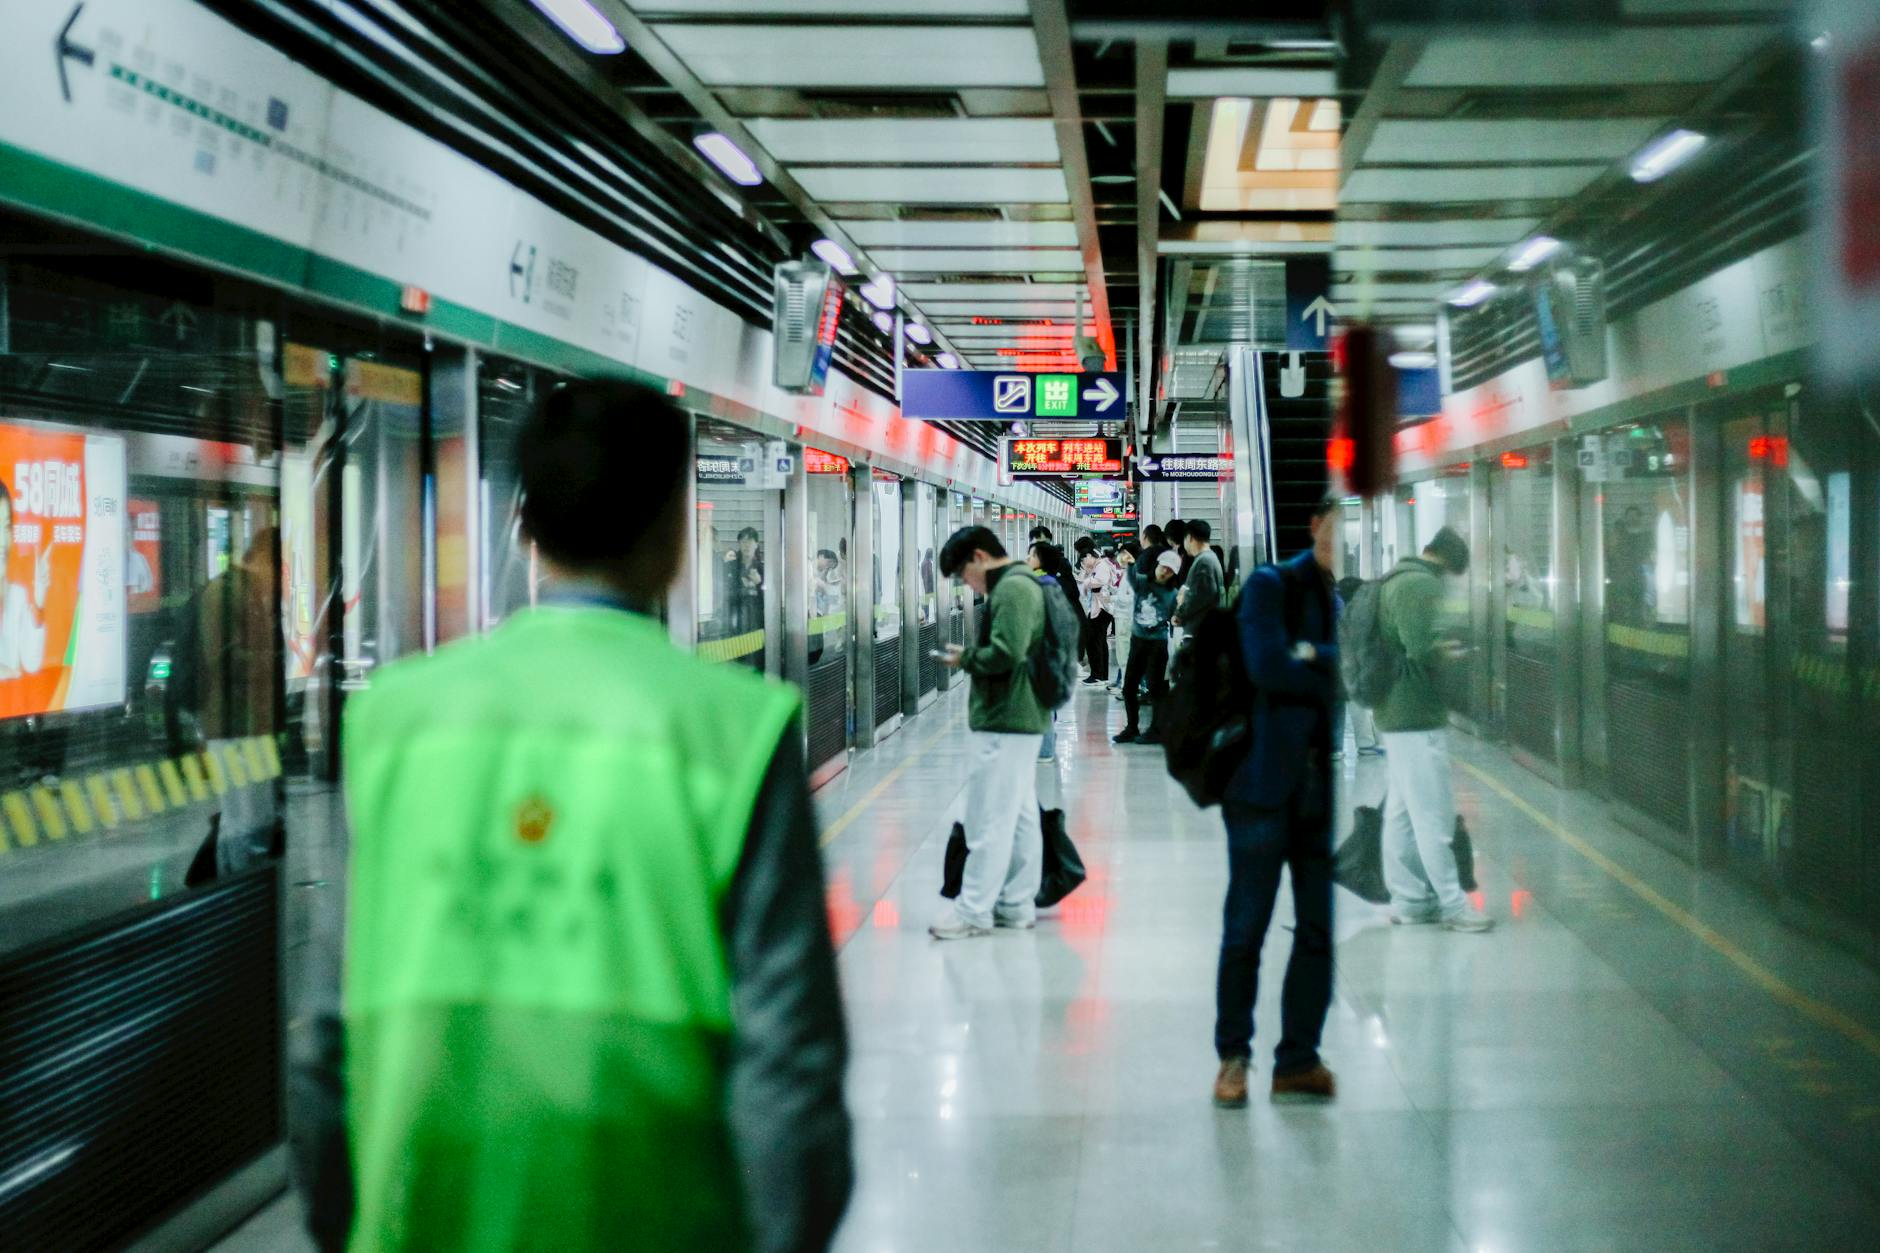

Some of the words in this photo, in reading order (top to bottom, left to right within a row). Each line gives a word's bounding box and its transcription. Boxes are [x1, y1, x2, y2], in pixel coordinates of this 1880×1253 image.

[1045, 401, 1067, 410] EXIT
[1015, 442, 1057, 454] 本次列车
[1063, 442, 1104, 454] 列车进站
[1025, 453, 1047, 463] 开往
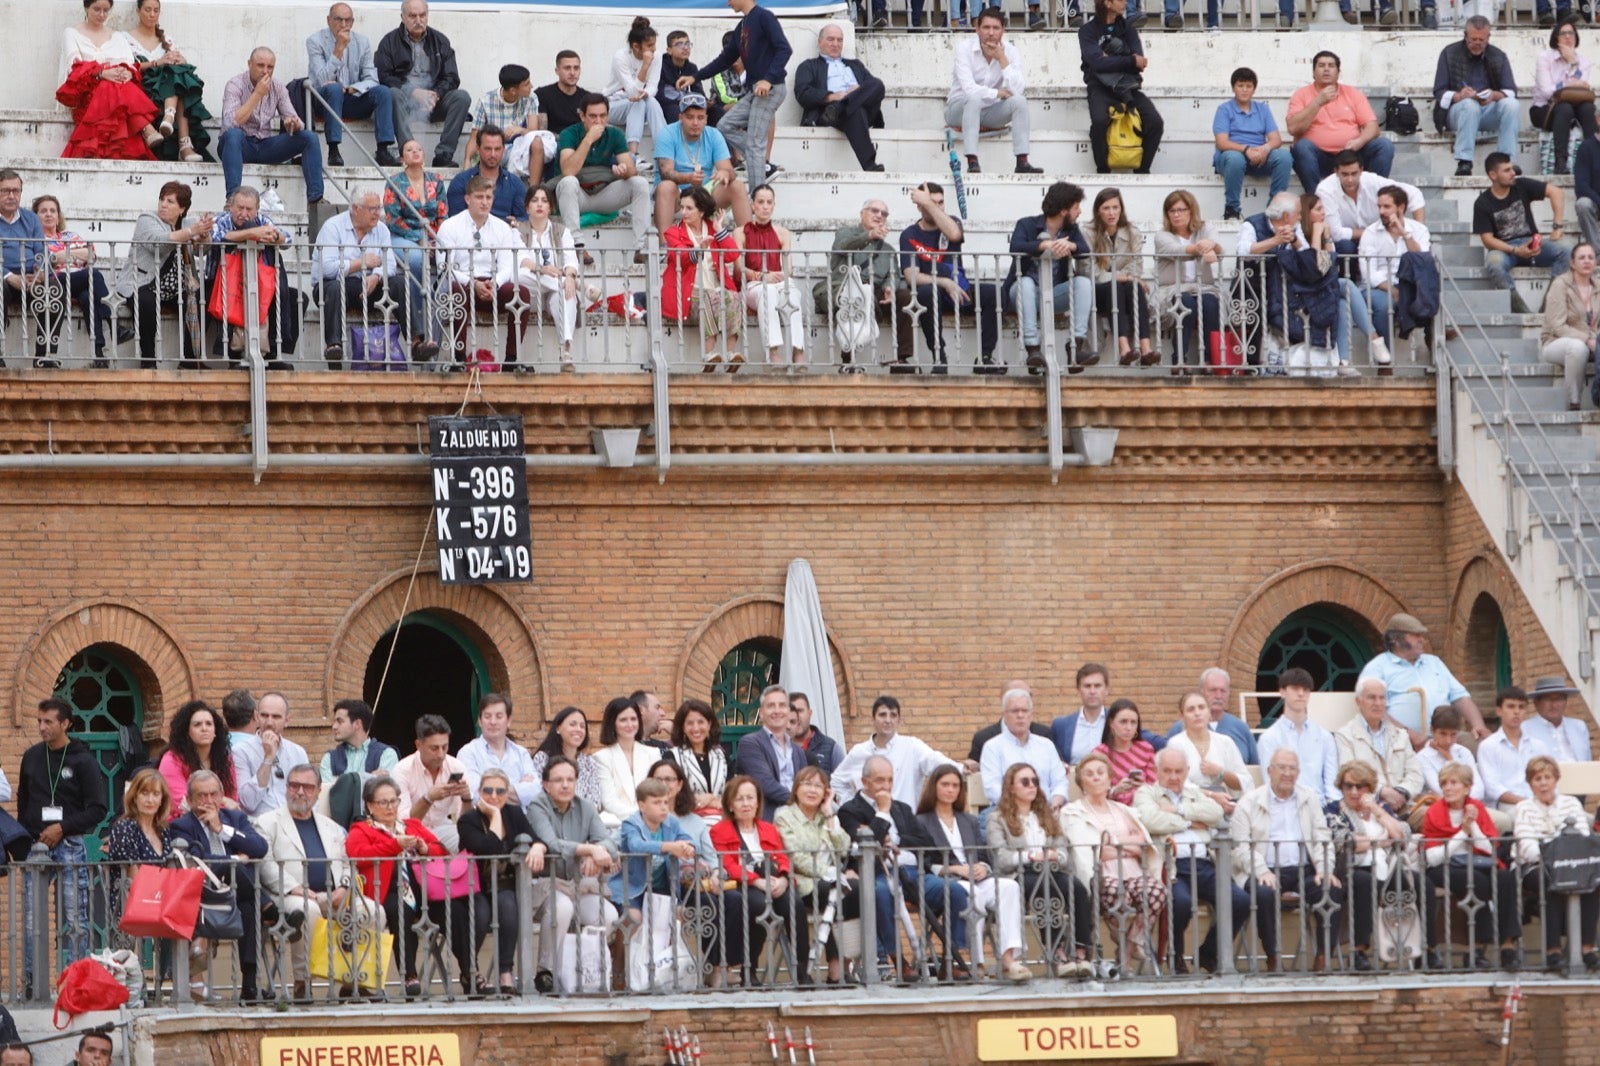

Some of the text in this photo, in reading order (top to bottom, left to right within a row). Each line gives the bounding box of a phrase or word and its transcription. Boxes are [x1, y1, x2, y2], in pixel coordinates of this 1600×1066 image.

[56, 173, 69, 183] 41
[966, 187, 979, 197] 10
[439, 429, 518, 449] ZALDUENDO
[436, 505, 517, 541] K -576
[466, 545, 530, 580] 04-19
[1017, 1025, 1141, 1051] TORILES
[279, 1044, 444, 1066] ENFERMERIA
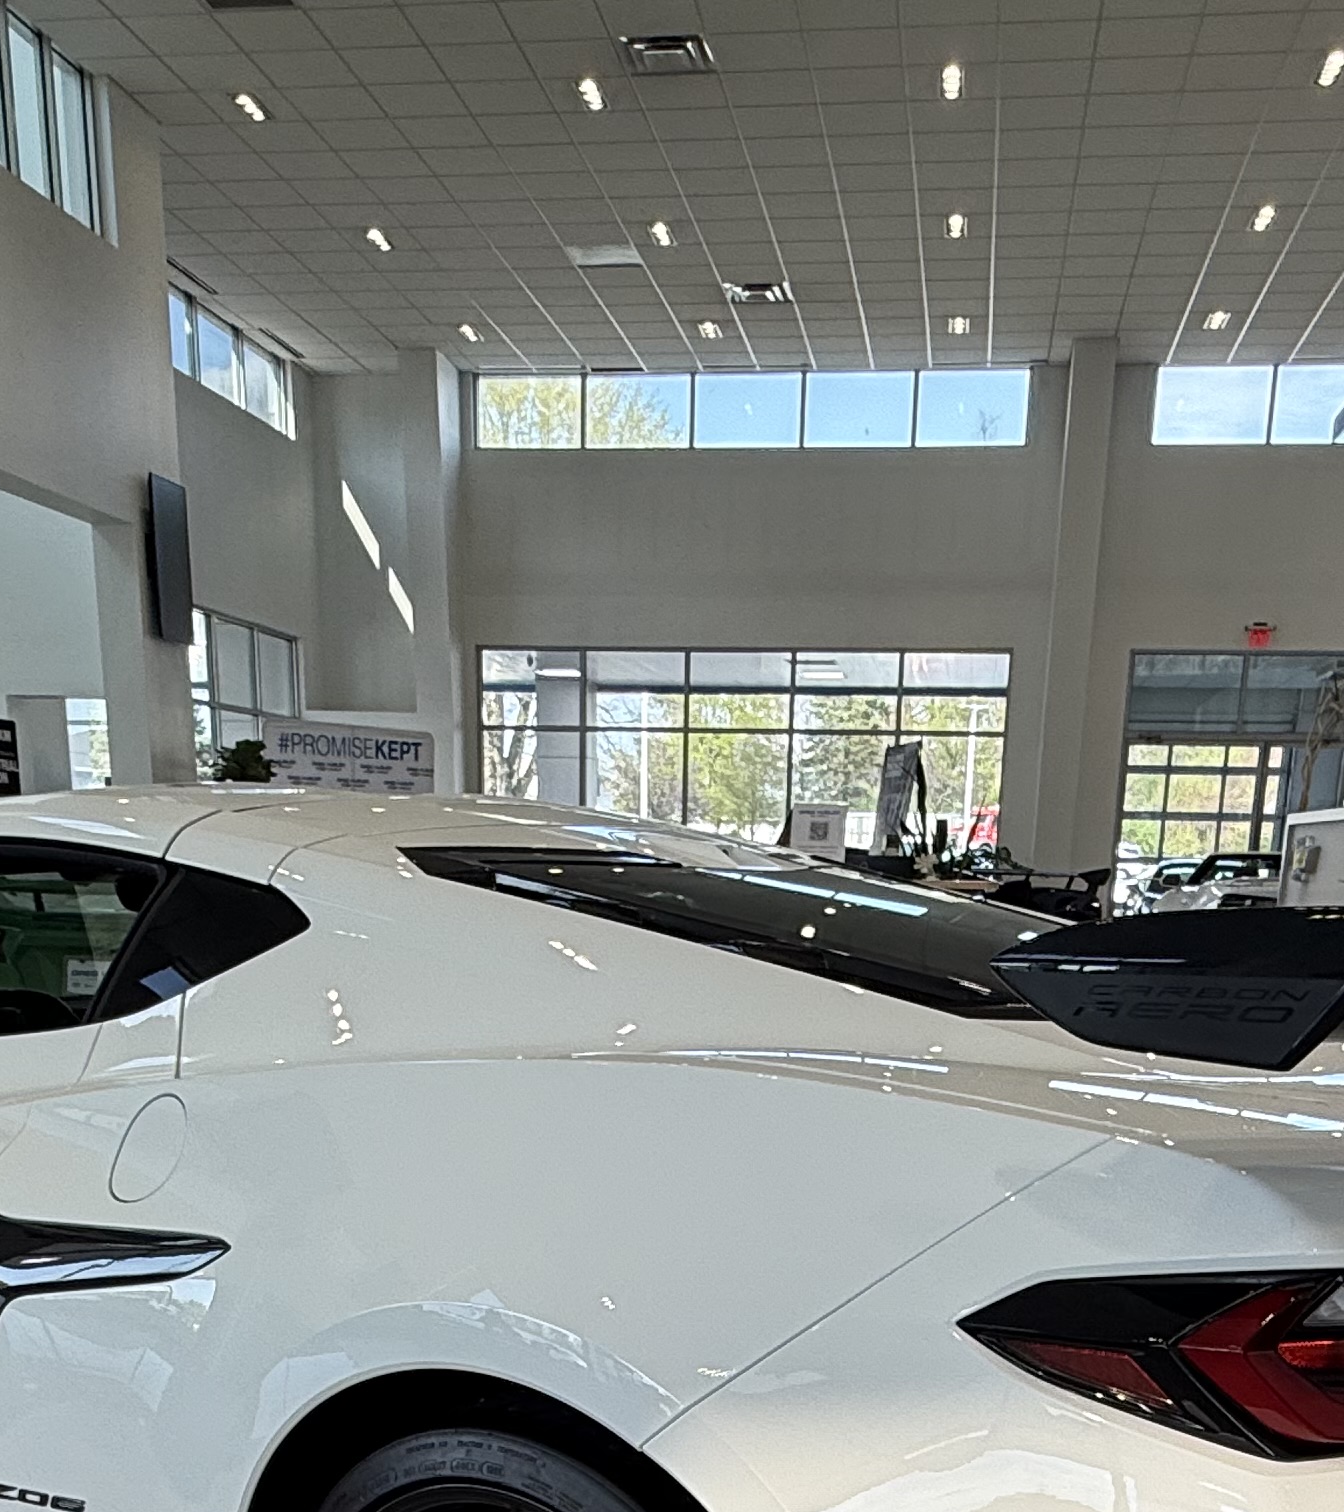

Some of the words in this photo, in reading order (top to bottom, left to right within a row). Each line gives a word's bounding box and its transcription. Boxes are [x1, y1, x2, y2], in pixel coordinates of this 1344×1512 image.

[278, 733, 423, 761] #PROMISEKEPT
[1088, 984, 1311, 1001] CARBON
[1073, 1001, 1295, 1023] AERO
□ □ □ □
• **Aim of the task**: Write out again only the lines from the one with "this 1344×1512 image." through the last line of the records above. Keep every word as it stands.

• **Exercise solution**:
Some of the words in this photo, in reading order (top to bottom, left to right within a row). Each line gives a word's bounding box and its transcription. Boxes are [x1, y1, x2, y2], in pixel coordinates of this 1344×1512 image.

[278, 733, 423, 761] #PROMISEKEPT
[1088, 984, 1311, 1001] CARBON
[1073, 1001, 1295, 1023] AERO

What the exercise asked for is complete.